*THE PROBLEM*
Only the lines from the one that contains "Some of the text" to the end of the material below are wanted, each duplicated exactly.

*DATA IN THIS EXERCISE*

--------------------------------

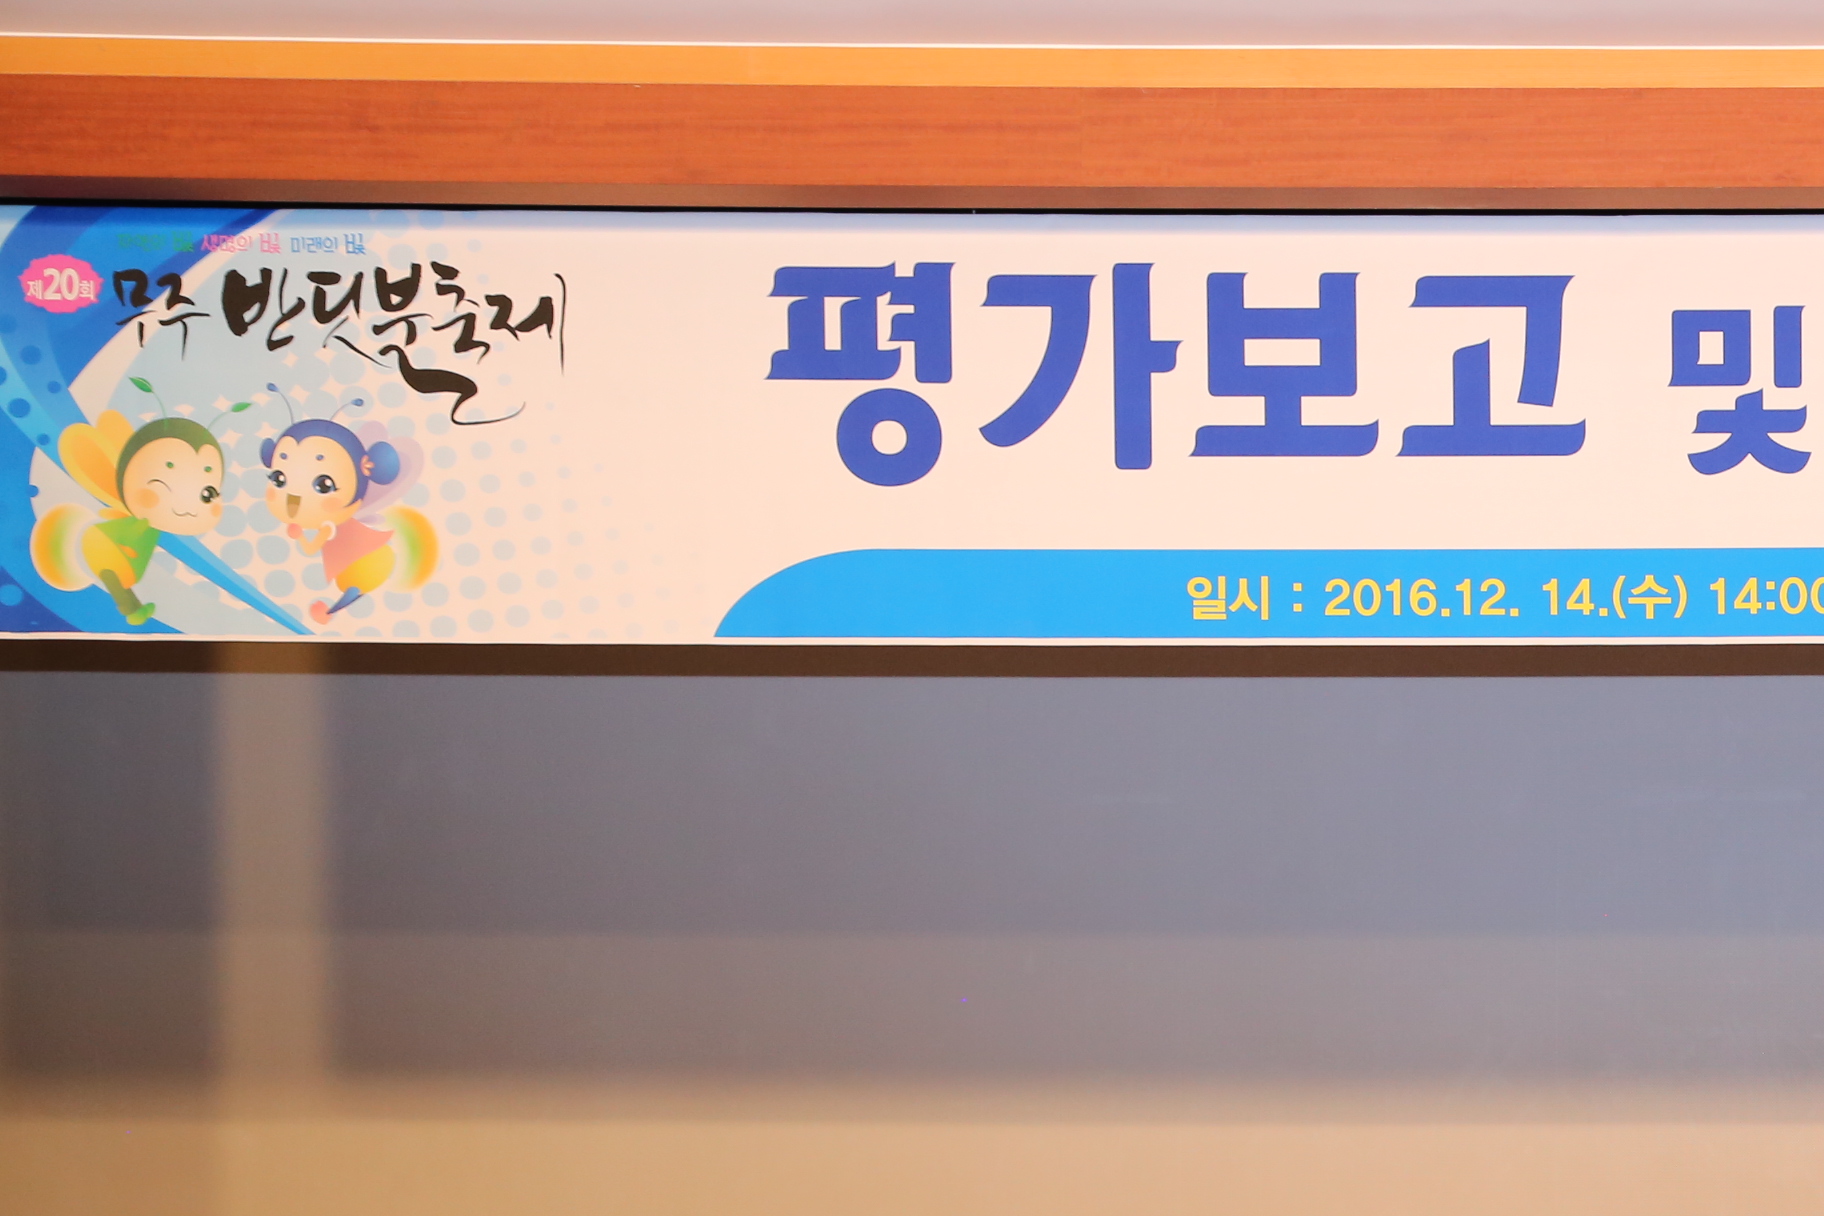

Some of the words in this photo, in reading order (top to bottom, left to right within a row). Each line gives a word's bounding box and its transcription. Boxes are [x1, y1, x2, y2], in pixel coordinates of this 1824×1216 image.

[201, 233, 254, 254] 생명의
[258, 231, 282, 254] 빛
[290, 235, 339, 254] 미래의
[344, 231, 367, 256] 빛
[26, 267, 96, 301] 제20회
[112, 269, 210, 360] 무주
[221, 260, 567, 426] 반딧불축제
[767, 263, 1585, 486] 평가보고
[1670, 306, 1810, 474] 및
[1188, 576, 1268, 619] 일시
[1294, 583, 1302, 611] :
[1326, 579, 1518, 616] 2016.12.
[1544, 575, 1686, 619] 14.(수)
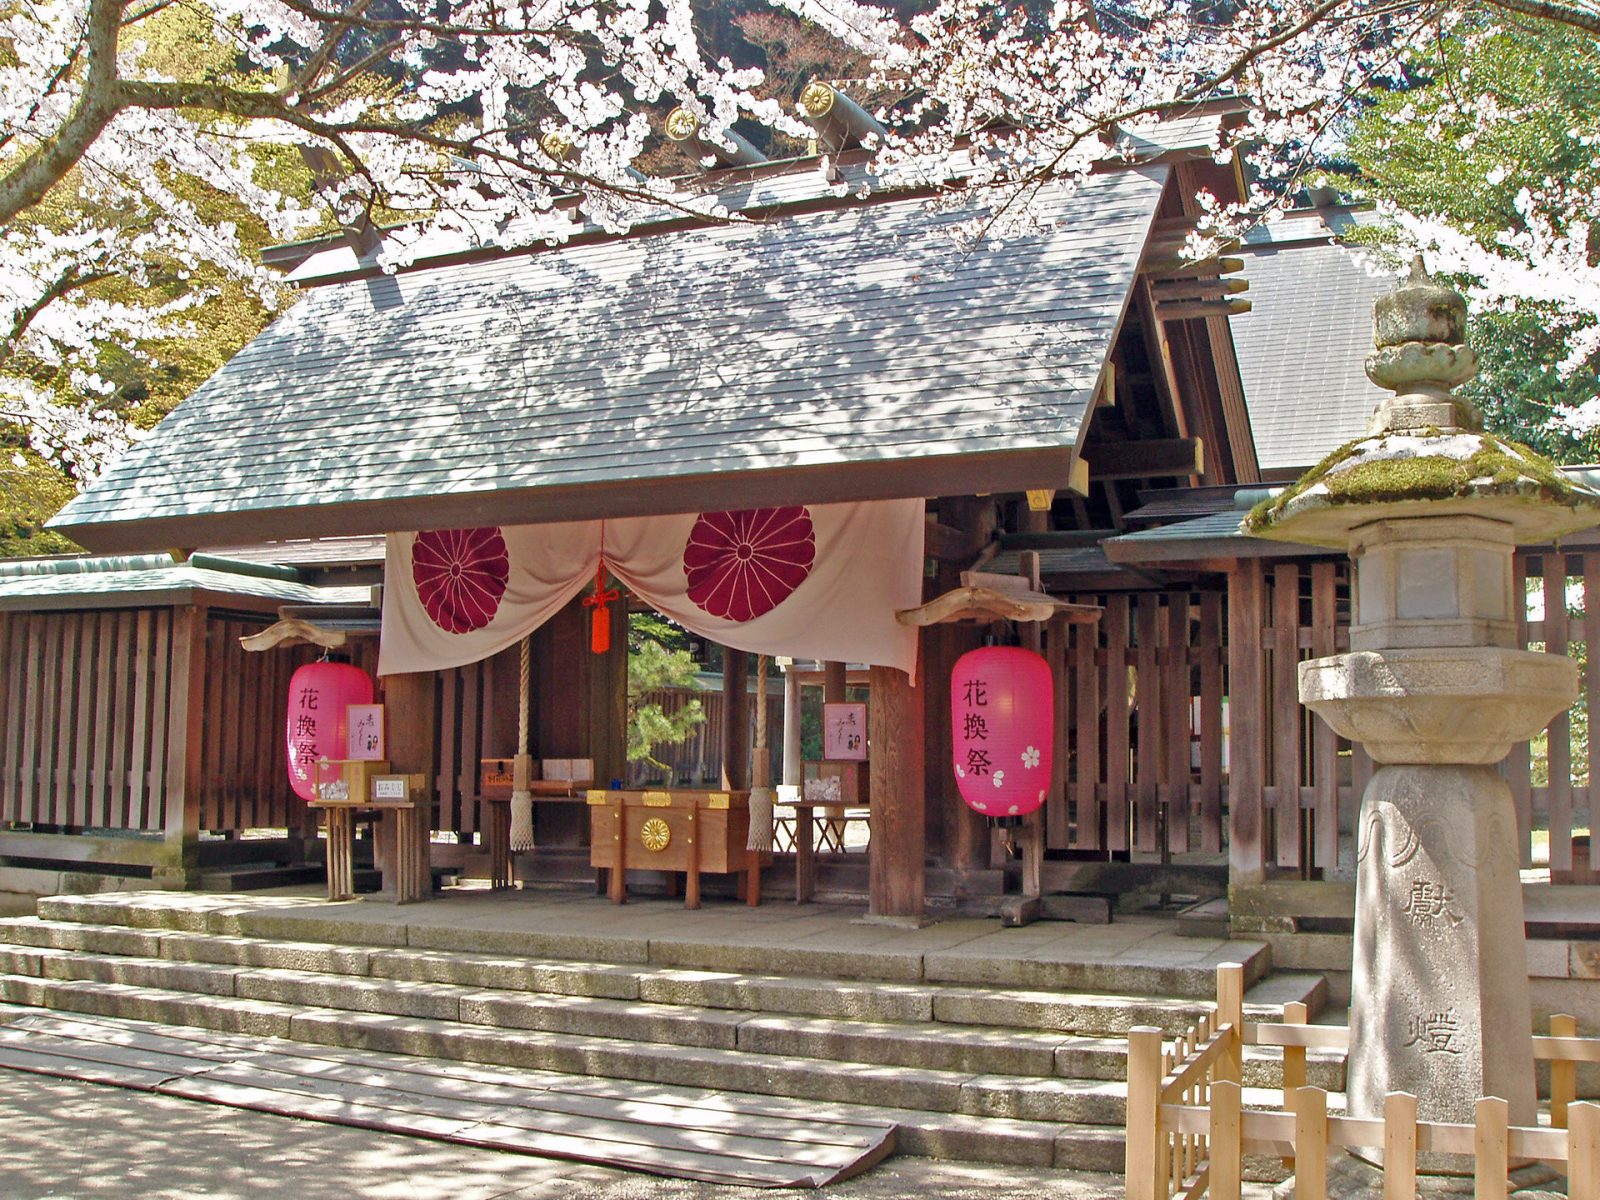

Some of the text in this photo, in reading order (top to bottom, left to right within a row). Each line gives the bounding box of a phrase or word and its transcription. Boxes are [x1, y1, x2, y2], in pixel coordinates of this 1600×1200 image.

[296, 688, 319, 764] 花換祭
[963, 680, 991, 776] 花換祭

--------------------------------

*RESPONSE BELOW*
Some of the text in this photo, in reading order (top to bottom, left to right within a row). Each line gives the bounding box of a phrase or word and its transcription. Boxes are [x1, y1, x2, y2], in pixel coordinates of this 1600×1200 image.

[296, 688, 319, 764] 花換祭
[963, 680, 991, 776] 花換祭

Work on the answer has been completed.